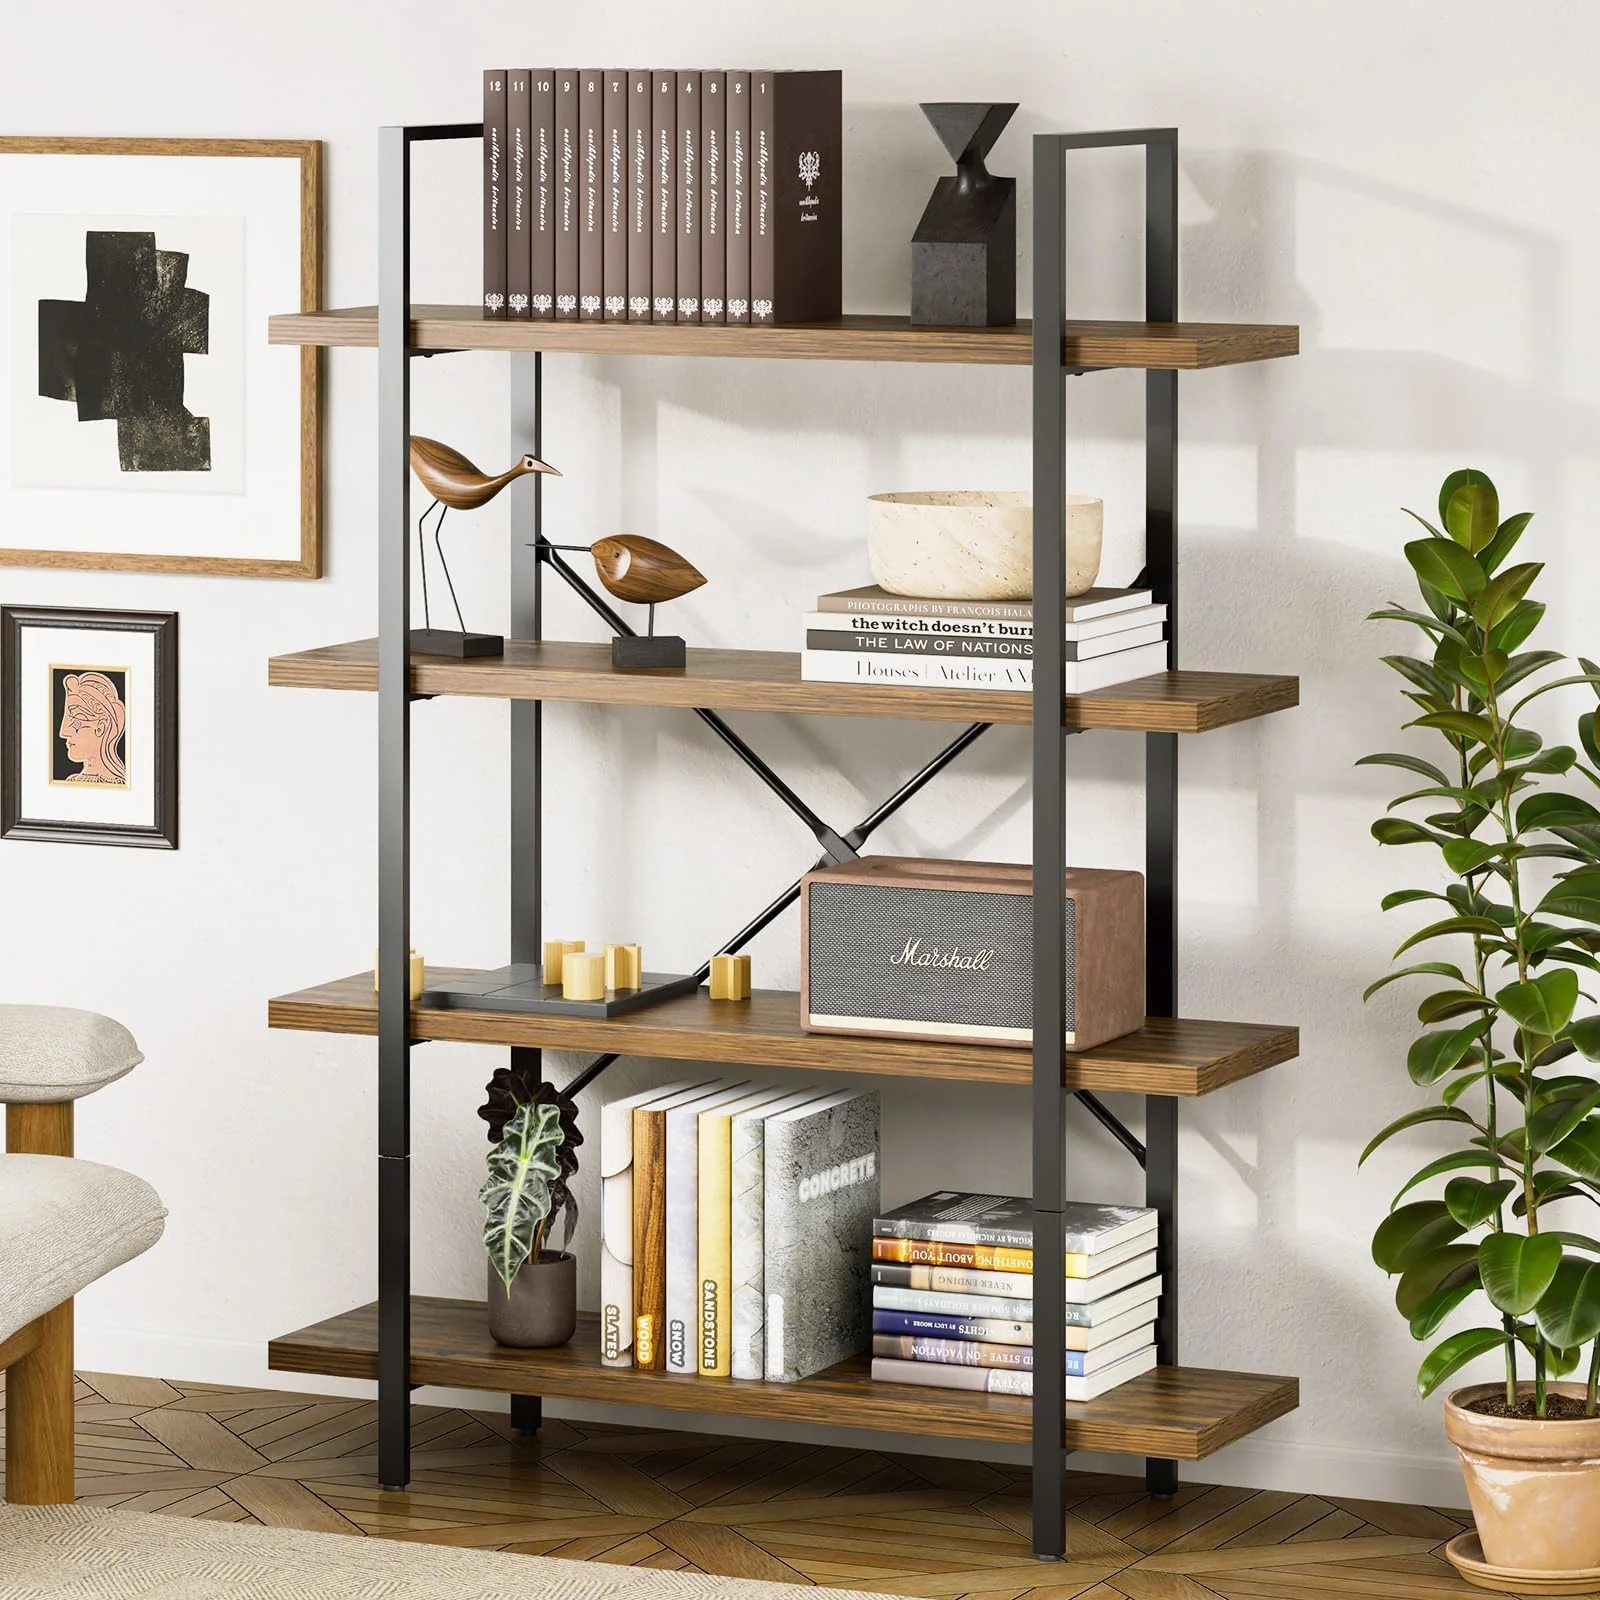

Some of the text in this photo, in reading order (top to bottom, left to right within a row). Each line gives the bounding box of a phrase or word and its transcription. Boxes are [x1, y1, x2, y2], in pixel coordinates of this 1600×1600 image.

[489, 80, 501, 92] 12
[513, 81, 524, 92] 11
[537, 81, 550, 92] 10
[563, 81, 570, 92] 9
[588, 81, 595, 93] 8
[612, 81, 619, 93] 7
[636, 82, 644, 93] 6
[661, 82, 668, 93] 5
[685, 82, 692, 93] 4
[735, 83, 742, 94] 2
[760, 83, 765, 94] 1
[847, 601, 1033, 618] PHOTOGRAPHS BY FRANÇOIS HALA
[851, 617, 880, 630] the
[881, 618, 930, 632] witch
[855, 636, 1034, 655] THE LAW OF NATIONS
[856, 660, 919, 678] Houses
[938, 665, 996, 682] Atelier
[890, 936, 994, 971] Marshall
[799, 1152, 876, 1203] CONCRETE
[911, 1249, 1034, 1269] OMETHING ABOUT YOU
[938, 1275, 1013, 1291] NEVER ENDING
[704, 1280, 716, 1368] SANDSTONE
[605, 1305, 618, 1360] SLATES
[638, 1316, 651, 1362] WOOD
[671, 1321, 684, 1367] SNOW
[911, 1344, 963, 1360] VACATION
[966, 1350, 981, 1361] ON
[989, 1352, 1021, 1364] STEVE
========================================
- [DIRECTIONS] Leave out the pictures, then give all the records again exactly.

- [EXPECTED OUTPUT]
Some of the text in this photo, in reading order (top to bottom, left to right within a row). Each line gives the bounding box of a phrase or word and its transcription. Boxes are [x1, y1, x2, y2], in pixel coordinates of this 1600×1600 image.

[489, 80, 501, 92] 12
[513, 81, 524, 92] 11
[537, 81, 550, 92] 10
[563, 81, 570, 92] 9
[588, 81, 595, 93] 8
[612, 81, 619, 93] 7
[636, 82, 644, 93] 6
[661, 82, 668, 93] 5
[685, 82, 692, 93] 4
[735, 83, 742, 94] 2
[760, 83, 765, 94] 1
[847, 601, 1033, 618] PHOTOGRAPHS BY FRANÇOIS HALA
[851, 617, 880, 630] the
[881, 618, 930, 632] witch
[855, 636, 1034, 655] THE LAW OF NATIONS
[856, 660, 919, 678] Houses
[938, 665, 996, 682] Atelier
[890, 936, 994, 971] Marshall
[799, 1152, 876, 1203] CONCRETE
[911, 1249, 1034, 1269] OMETHING ABOUT YOU
[938, 1275, 1013, 1291] NEVER ENDING
[704, 1280, 716, 1368] SANDSTONE
[605, 1305, 618, 1360] SLATES
[638, 1316, 651, 1362] WOOD
[671, 1321, 684, 1367] SNOW
[911, 1344, 963, 1360] VACATION
[966, 1350, 981, 1361] ON
[989, 1352, 1021, 1364] STEVE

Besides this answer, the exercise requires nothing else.